**Work to complete:**
Start to finish, repeat the records exactly.

Dataset items
-------

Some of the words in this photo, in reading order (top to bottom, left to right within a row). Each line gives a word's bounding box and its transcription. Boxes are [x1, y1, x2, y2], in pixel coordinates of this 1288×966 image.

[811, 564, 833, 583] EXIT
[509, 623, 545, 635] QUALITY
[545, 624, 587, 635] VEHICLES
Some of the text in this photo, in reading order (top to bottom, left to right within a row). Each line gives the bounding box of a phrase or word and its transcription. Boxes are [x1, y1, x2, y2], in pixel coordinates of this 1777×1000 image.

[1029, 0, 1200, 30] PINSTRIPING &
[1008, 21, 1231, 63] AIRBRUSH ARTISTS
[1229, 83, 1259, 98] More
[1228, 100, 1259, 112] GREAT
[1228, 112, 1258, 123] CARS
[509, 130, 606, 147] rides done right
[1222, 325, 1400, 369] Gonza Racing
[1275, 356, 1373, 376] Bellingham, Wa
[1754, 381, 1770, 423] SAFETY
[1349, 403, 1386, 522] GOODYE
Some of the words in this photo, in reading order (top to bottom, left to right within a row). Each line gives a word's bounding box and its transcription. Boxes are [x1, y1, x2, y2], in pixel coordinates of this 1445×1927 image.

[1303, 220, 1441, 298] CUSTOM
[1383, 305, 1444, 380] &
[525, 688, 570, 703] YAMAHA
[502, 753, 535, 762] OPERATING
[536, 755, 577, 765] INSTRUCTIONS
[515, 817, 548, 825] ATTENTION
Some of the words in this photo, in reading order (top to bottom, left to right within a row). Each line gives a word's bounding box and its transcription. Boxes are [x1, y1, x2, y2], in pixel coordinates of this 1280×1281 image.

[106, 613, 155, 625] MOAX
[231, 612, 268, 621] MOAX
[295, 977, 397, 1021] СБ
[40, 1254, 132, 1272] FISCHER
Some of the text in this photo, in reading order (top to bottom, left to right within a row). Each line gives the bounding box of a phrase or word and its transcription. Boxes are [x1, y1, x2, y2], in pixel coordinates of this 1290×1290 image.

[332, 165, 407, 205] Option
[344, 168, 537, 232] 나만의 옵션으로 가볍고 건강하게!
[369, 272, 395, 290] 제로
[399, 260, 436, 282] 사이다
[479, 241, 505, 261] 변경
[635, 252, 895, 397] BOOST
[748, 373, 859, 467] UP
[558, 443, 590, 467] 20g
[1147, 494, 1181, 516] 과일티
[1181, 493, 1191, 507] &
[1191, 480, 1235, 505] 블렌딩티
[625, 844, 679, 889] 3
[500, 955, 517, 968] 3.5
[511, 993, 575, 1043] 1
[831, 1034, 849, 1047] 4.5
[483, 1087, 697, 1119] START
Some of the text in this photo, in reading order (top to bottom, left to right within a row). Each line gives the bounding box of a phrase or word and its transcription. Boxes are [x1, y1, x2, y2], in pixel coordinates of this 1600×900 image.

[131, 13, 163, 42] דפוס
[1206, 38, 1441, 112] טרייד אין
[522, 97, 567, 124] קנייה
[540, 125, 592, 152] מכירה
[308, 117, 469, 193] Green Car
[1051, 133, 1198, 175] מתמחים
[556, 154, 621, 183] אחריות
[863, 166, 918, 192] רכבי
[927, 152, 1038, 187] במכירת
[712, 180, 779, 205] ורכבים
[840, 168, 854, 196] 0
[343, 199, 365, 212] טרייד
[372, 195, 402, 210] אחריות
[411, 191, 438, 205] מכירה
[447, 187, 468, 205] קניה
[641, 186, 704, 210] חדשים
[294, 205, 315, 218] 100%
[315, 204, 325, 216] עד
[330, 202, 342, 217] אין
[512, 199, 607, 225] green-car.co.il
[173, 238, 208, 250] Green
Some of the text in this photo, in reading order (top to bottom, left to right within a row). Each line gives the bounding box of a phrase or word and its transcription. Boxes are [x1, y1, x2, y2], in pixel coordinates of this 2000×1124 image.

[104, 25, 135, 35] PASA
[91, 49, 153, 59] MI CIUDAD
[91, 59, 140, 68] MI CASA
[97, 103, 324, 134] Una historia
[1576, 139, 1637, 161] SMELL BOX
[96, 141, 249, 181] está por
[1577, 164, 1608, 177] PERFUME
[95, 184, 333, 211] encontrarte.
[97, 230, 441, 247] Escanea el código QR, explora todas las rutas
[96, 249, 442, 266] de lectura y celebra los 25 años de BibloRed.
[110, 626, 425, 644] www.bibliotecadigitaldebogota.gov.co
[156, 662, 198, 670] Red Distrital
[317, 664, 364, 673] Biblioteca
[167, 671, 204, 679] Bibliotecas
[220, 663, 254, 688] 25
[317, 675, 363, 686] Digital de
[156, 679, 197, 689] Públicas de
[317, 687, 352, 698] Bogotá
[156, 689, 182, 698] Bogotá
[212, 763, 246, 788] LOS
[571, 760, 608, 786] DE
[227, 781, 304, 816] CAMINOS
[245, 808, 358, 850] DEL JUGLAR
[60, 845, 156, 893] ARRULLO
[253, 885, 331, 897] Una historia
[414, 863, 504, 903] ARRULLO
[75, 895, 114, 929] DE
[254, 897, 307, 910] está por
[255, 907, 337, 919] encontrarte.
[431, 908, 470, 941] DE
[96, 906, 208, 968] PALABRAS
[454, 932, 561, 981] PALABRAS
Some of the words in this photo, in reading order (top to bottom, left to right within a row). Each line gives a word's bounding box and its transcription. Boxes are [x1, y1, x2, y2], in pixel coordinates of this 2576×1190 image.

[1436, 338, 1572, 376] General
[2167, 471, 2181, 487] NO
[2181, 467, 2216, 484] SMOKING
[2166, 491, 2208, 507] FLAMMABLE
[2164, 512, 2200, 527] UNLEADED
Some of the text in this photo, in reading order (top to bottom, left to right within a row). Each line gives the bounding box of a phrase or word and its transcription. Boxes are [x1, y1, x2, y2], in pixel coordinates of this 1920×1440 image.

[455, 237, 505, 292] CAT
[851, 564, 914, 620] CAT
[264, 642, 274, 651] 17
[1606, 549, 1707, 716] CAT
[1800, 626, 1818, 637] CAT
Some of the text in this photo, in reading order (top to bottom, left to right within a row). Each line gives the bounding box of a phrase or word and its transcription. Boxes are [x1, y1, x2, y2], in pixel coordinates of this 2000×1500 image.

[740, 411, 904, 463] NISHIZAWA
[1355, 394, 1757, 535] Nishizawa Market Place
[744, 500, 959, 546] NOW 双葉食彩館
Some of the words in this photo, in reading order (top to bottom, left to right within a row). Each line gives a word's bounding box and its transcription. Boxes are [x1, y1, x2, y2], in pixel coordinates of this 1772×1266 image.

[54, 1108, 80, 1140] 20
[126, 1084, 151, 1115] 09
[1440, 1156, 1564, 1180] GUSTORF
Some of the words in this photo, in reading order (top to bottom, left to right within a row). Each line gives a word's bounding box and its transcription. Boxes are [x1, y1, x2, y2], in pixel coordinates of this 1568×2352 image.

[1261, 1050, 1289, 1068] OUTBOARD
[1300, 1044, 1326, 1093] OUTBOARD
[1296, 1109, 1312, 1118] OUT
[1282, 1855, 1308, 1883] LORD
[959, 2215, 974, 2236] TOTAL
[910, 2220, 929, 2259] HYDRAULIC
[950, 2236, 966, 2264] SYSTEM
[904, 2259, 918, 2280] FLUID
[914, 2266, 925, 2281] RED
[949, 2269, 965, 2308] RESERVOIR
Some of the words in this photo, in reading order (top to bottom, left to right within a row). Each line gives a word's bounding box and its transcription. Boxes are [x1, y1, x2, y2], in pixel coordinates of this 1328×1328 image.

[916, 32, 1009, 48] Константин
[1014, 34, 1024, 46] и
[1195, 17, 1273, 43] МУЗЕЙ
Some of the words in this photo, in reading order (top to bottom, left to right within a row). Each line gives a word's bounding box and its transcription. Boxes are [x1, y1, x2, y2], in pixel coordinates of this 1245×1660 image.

-------

**Written reply:**
Some of the words in this photo, in reading order (top to bottom, left to right within a row). Each line gives a word's bounding box and its transcription. Boxes are [x1, y1, x2, y2], in pixel coordinates of this 1288×966 image.

[811, 564, 833, 583] EXIT
[509, 623, 545, 635] QUALITY
[545, 624, 587, 635] VEHICLES
Some of the text in this photo, in reading order (top to bottom, left to right within a row). Each line gives the bounding box of a phrase or word and its transcription. Boxes are [x1, y1, x2, y2], in pixel coordinates of this 1777×1000 image.

[1029, 0, 1200, 30] PINSTRIPING &
[1008, 21, 1231, 63] AIRBRUSH ARTISTS
[1229, 83, 1259, 98] More
[1228, 100, 1259, 112] GREAT
[1228, 112, 1258, 123] CARS
[509, 130, 606, 147] rides done right
[1222, 325, 1400, 369] Gonza Racing
[1275, 356, 1373, 376] Bellingham, Wa
[1754, 381, 1770, 423] SAFETY
[1349, 403, 1386, 522] GOODYE
Some of the words in this photo, in reading order (top to bottom, left to right within a row). Each line gives a word's bounding box and its transcription. Boxes are [x1, y1, x2, y2], in pixel coordinates of this 1445×1927 image.

[1303, 220, 1441, 298] CUSTOM
[1383, 305, 1444, 380] &
[525, 688, 570, 703] YAMAHA
[502, 753, 535, 762] OPERATING
[536, 755, 577, 765] INSTRUCTIONS
[515, 817, 548, 825] ATTENTION
Some of the words in this photo, in reading order (top to bottom, left to right within a row). Each line gives a word's bounding box and its transcription. Boxes are [x1, y1, x2, y2], in pixel coordinates of this 1280×1281 image.

[106, 613, 155, 625] MOAX
[231, 612, 268, 621] MOAX
[295, 977, 397, 1021] СБ
[40, 1254, 132, 1272] FISCHER
Some of the text in this photo, in reading order (top to bottom, left to right within a row). Each line gives the bounding box of a phrase or word and its transcription. Boxes are [x1, y1, x2, y2], in pixel coordinates of this 1290×1290 image.

[332, 165, 407, 205] Option
[344, 168, 537, 232] 나만의 옵션으로 가볍고 건강하게!
[369, 272, 395, 290] 제로
[399, 260, 436, 282] 사이다
[479, 241, 505, 261] 변경
[635, 252, 895, 397] BOOST
[748, 373, 859, 467] UP
[558, 443, 590, 467] 20g
[1147, 494, 1181, 516] 과일티
[1181, 493, 1191, 507] &
[1191, 480, 1235, 505] 블렌딩티
[625, 844, 679, 889] 3
[500, 955, 517, 968] 3.5
[511, 993, 575, 1043] 1
[831, 1034, 849, 1047] 4.5
[483, 1087, 697, 1119] START
Some of the text in this photo, in reading order (top to bottom, left to right within a row). Each line gives the bounding box of a phrase or word and its transcription. Boxes are [x1, y1, x2, y2], in pixel coordinates of this 1600×900 image.

[131, 13, 163, 42] דפוס
[1206, 38, 1441, 112] טרייד אין
[522, 97, 567, 124] קנייה
[540, 125, 592, 152] מכירה
[308, 117, 469, 193] Green Car
[1051, 133, 1198, 175] מתמחים
[556, 154, 621, 183] אחריות
[863, 166, 918, 192] רכבי
[927, 152, 1038, 187] במכירת
[712, 180, 779, 205] ורכבים
[840, 168, 854, 196] 0
[343, 199, 365, 212] טרייד
[372, 195, 402, 210] אחריות
[411, 191, 438, 205] מכירה
[447, 187, 468, 205] קניה
[641, 186, 704, 210] חדשים
[294, 205, 315, 218] 100%
[315, 204, 325, 216] עד
[330, 202, 342, 217] אין
[512, 199, 607, 225] green-car.co.il
[173, 238, 208, 250] Green
Some of the text in this photo, in reading order (top to bottom, left to right within a row). Each line gives the bounding box of a phrase or word and its transcription. Boxes are [x1, y1, x2, y2], in pixel coordinates of this 2000×1124 image.

[104, 25, 135, 35] PASA
[91, 49, 153, 59] MI CIUDAD
[91, 59, 140, 68] MI CASA
[97, 103, 324, 134] Una historia
[1576, 139, 1637, 161] SMELL BOX
[96, 141, 249, 181] está por
[1577, 164, 1608, 177] PERFUME
[95, 184, 333, 211] encontrarte.
[97, 230, 441, 247] Escanea el código QR, explora todas las rutas
[96, 249, 442, 266] de lectura y celebra los 25 años de BibloRed.
[110, 626, 425, 644] www.bibliotecadigitaldebogota.gov.co
[156, 662, 198, 670] Red Distrital
[317, 664, 364, 673] Biblioteca
[167, 671, 204, 679] Bibliotecas
[220, 663, 254, 688] 25
[317, 675, 363, 686] Digital de
[156, 679, 197, 689] Públicas de
[317, 687, 352, 698] Bogotá
[156, 689, 182, 698] Bogotá
[212, 763, 246, 788] LOS
[571, 760, 608, 786] DE
[227, 781, 304, 816] CAMINOS
[245, 808, 358, 850] DEL JUGLAR
[60, 845, 156, 893] ARRULLO
[253, 885, 331, 897] Una historia
[414, 863, 504, 903] ARRULLO
[75, 895, 114, 929] DE
[254, 897, 307, 910] está por
[255, 907, 337, 919] encontrarte.
[431, 908, 470, 941] DE
[96, 906, 208, 968] PALABRAS
[454, 932, 561, 981] PALABRAS
Some of the words in this photo, in reading order (top to bottom, left to right within a row). Each line gives a word's bounding box and its transcription. Boxes are [x1, y1, x2, y2], in pixel coordinates of this 2576×1190 image.

[1436, 338, 1572, 376] General
[2167, 471, 2181, 487] NO
[2181, 467, 2216, 484] SMOKING
[2166, 491, 2208, 507] FLAMMABLE
[2164, 512, 2200, 527] UNLEADED
Some of the text in this photo, in reading order (top to bottom, left to right within a row). Each line gives the bounding box of a phrase or word and its transcription. Boxes are [x1, y1, x2, y2], in pixel coordinates of this 1920×1440 image.

[455, 237, 505, 292] CAT
[851, 564, 914, 620] CAT
[264, 642, 274, 651] 17
[1606, 549, 1707, 716] CAT
[1800, 626, 1818, 637] CAT
Some of the text in this photo, in reading order (top to bottom, left to right within a row). Each line gives the bounding box of a phrase or word and its transcription. Boxes are [x1, y1, x2, y2], in pixel coordinates of this 2000×1500 image.

[740, 411, 904, 463] NISHIZAWA
[1355, 394, 1757, 535] Nishizawa Market Place
[744, 500, 959, 546] NOW 双葉食彩館
Some of the words in this photo, in reading order (top to bottom, left to right within a row). Each line gives a word's bounding box and its transcription. Boxes are [x1, y1, x2, y2], in pixel coordinates of this 1772×1266 image.

[54, 1108, 80, 1140] 20
[126, 1084, 151, 1115] 09
[1440, 1156, 1564, 1180] GUSTORF
Some of the words in this photo, in reading order (top to bottom, left to right within a row). Each line gives a word's bounding box and its transcription. Boxes are [x1, y1, x2, y2], in pixel coordinates of this 1568×2352 image.

[1261, 1050, 1289, 1068] OUTBOARD
[1300, 1044, 1326, 1093] OUTBOARD
[1296, 1109, 1312, 1118] OUT
[1282, 1855, 1308, 1883] LORD
[959, 2215, 974, 2236] TOTAL
[910, 2220, 929, 2259] HYDRAULIC
[950, 2236, 966, 2264] SYSTEM
[904, 2259, 918, 2280] FLUID
[914, 2266, 925, 2281] RED
[949, 2269, 965, 2308] RESERVOIR
Some of the words in this photo, in reading order (top to bottom, left to right within a row). Each line gives a word's bounding box and its transcription. Boxes are [x1, y1, x2, y2], in pixel coordinates of this 1328×1328 image.

[916, 32, 1009, 48] Константин
[1014, 34, 1024, 46] и
[1195, 17, 1273, 43] МУЗЕЙ
Some of the words in this photo, in reading order (top to bottom, left to right within a row). Each line gives a word's bounding box and its transcription. Boxes are [x1, y1, x2, y2], in pixel coordinates of this 1245×1660 image.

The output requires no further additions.